Today, robust database management systems are available on computers of all sizes and are used routinely by individuals and organizations to manage the data that is important to them.

Types of database systems

There are a number of ways that a DBMS could organize data, and there are advantages and disadvantages to each of those ways. A number of different structures have been tried, some with more success than others. IBM’s DBMS for NASA’s Saturn V/Apollo project, later dubbed IMS, had a hierarchical structure. Competing products of the same era had a network structure. The evolutionary descendants of these pioneering products are still in use today. The vendors that support them have maintained compatibility over the years so that their customers can continue to benefit from the massive investments they have made in applications that use those DBMS structures.

Hierarchical databases have a simple, hierarchical structure (no surprise there, I guess) that allows very fast data access. However, as Robert A. Heinlein once pointed out, “There Ain’t No Such Thing As A Free Lunch (TANSTAAFL).” You pay for that fast access with structural rigidity. Once a hierarchical database has been implemented, it is very difficult to modify. In the real world that I live in, requirements change over time. Business models change, markets change, companies grow, companies shrink, companies enter new markets or exit old ones. They introduce new product lines and abandon others that are no longer popular. This situation caused early databases to be a major bottleneck and impaired many organizations’ ability to react to change in a timely manner.

Network databases were not a significant improvement, although they had different problems. In contrast to the simple relationships characteristic of the hierarchical structure, network databases allowed any item in the database to be directly related to any other item. This allowed more flexibility than the hierarchical structure, but sacrificed some speed to do it. In addition, the added complexity made network databases more difficult to maintain.

In 1970, E.F. Codd, then at IBM, published a landmark paper that outlined the basic structure of a new type of database system: the relational database. Relational databases are much more flexible than either hierarchical or network, but at the same time have a simple structure. Nevertheless, TANSTAAFL is still in force. The advantages of the relational model are offset by the fact that it carries significantly more overhead than either of the other database models. This means that it runs significantly slower.
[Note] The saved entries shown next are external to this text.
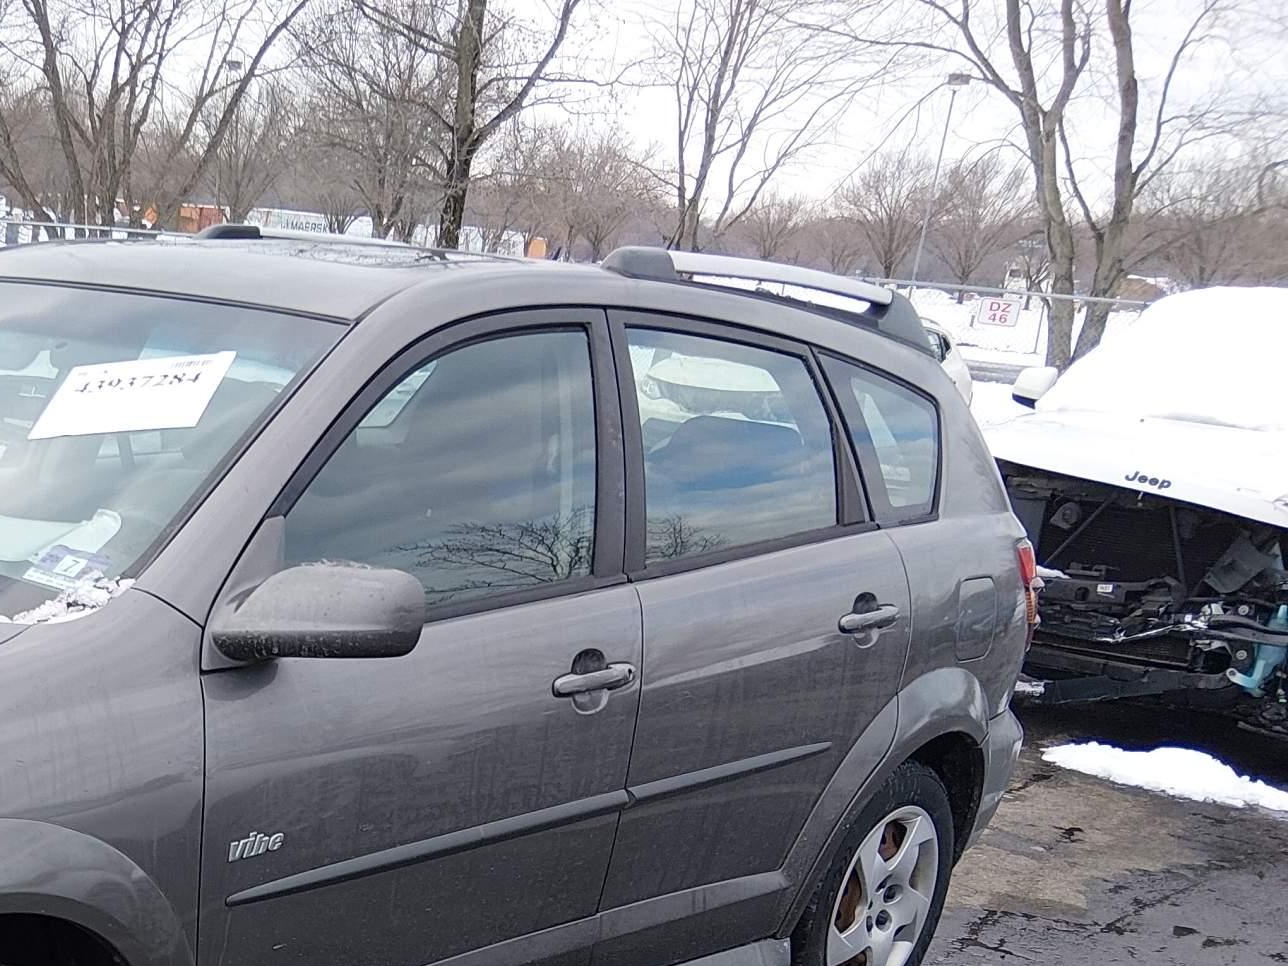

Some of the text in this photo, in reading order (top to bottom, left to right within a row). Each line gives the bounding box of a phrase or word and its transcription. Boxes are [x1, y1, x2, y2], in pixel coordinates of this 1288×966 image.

[291, 220, 328, 233] MAERSK
[989, 301, 1012, 313] DZ
[988, 313, 1009, 324] 46
[1124, 470, 1172, 490] Jeep
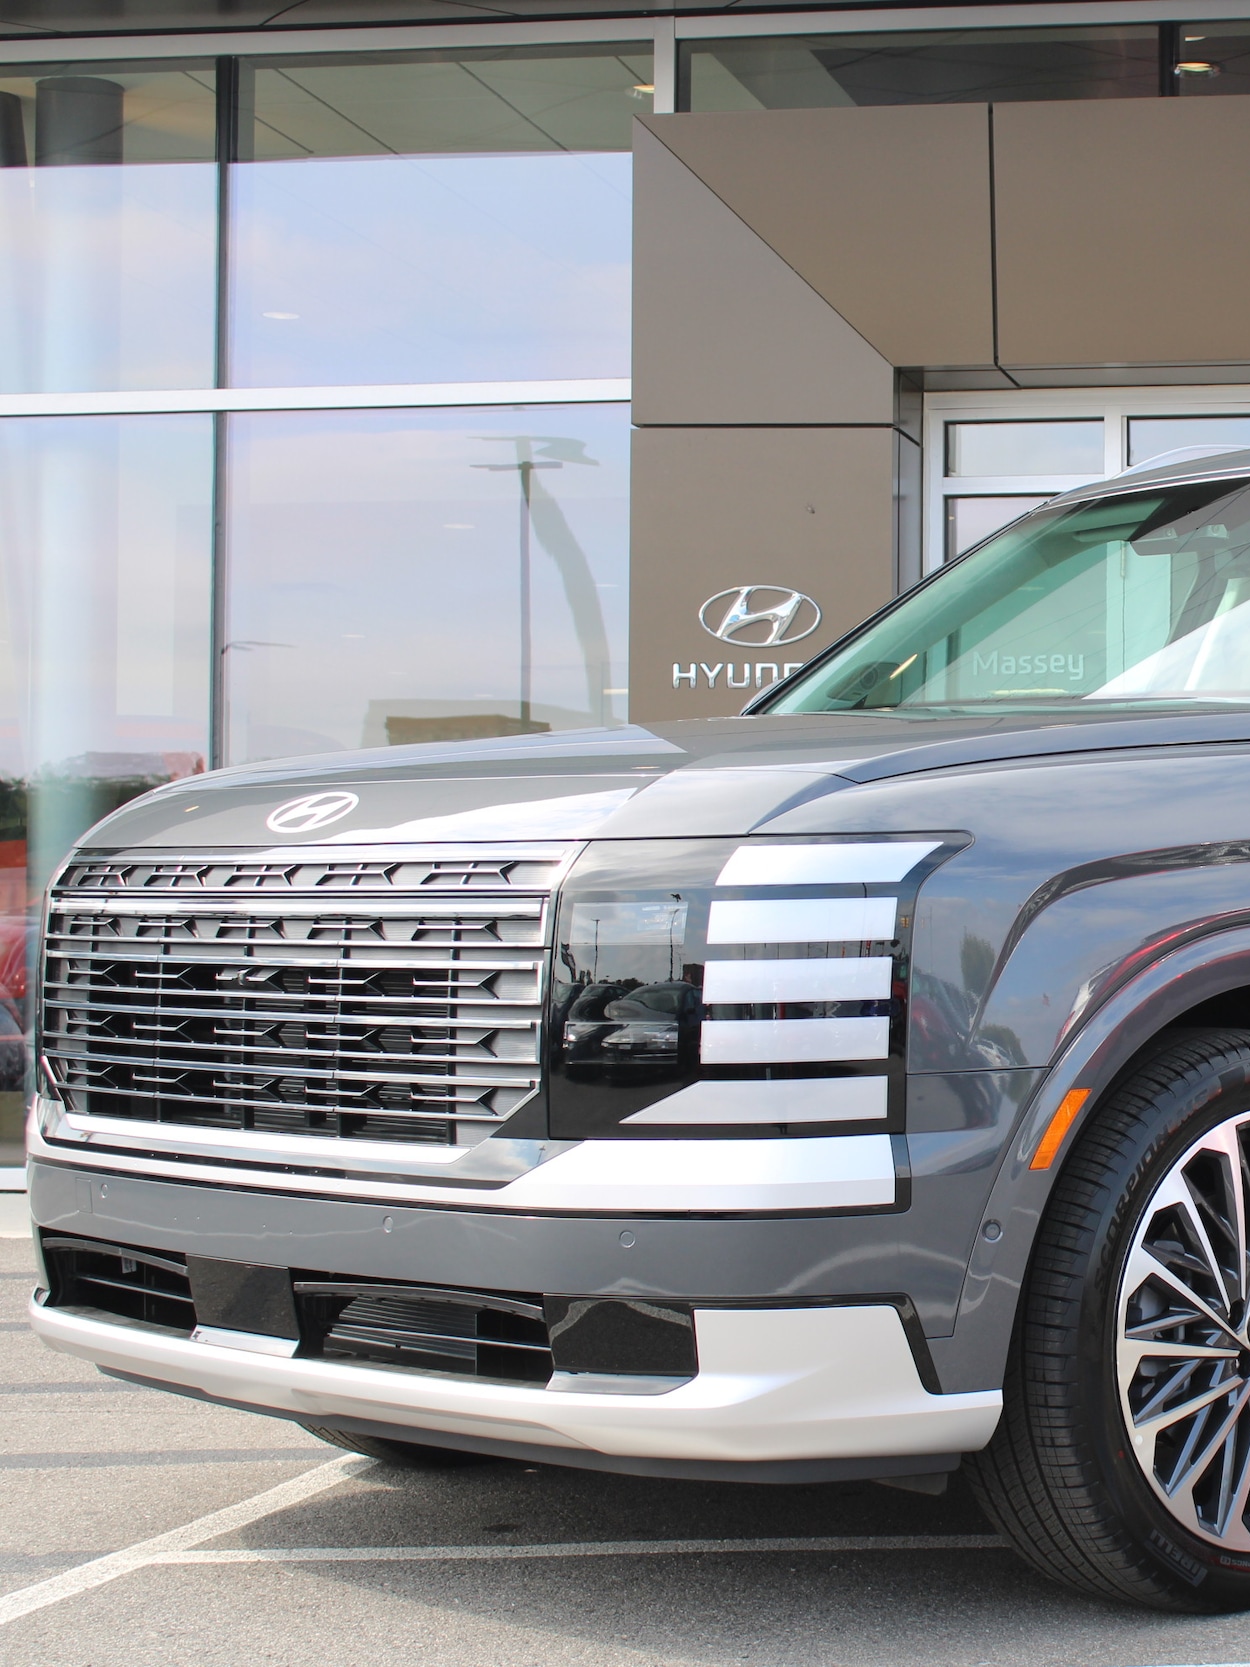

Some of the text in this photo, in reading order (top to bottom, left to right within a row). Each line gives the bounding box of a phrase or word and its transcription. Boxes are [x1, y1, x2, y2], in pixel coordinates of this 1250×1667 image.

[971, 650, 1085, 681] Massey
[1094, 1124, 1170, 1290] SCORPION
[1144, 1528, 1209, 1588] PIRELLI
However, as computer performance has improved over time, the use of relational databases has become progressively more feasible.
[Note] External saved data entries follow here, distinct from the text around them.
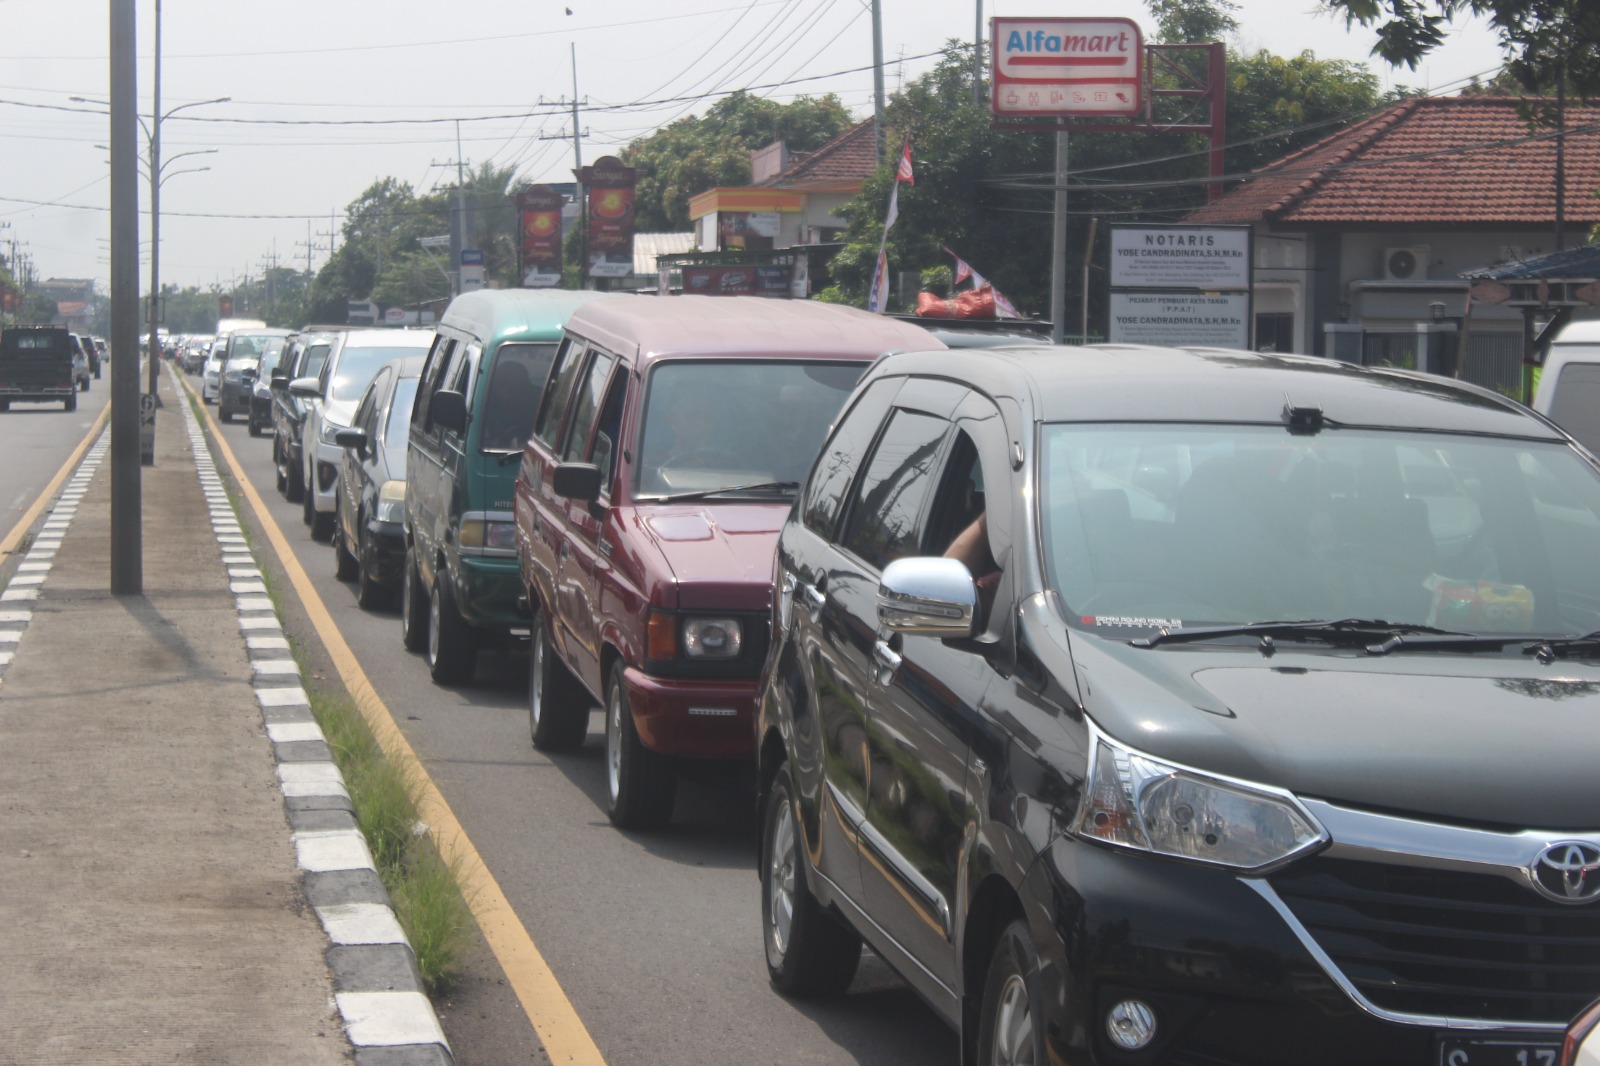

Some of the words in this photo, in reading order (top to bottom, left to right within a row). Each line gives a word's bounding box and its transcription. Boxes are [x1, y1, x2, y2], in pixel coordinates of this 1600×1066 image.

[1006, 30, 1129, 53] Alfamart
[1145, 234, 1215, 246] NOTARIS
[1118, 248, 1139, 257] YOSE
[1158, 297, 1189, 305] PEMBUAT
[1117, 316, 1138, 325] YOSE
Over time, the relational model has displaced the earlier hierarchical and network models in practically all new installations and is the dominant type of database in use today. In some application areas, an even newer model, the object-oriented model has gained adherents. A hybrid, the object-relational model, retains the advantages of relational DBMSs while gaining the benefits of the newer object model. However, the usage of object and object-relational DBMS products is still relatively small. In this book, I concentrate on relational database technology, with one chapter devoted to object-oriented and object-relational technology.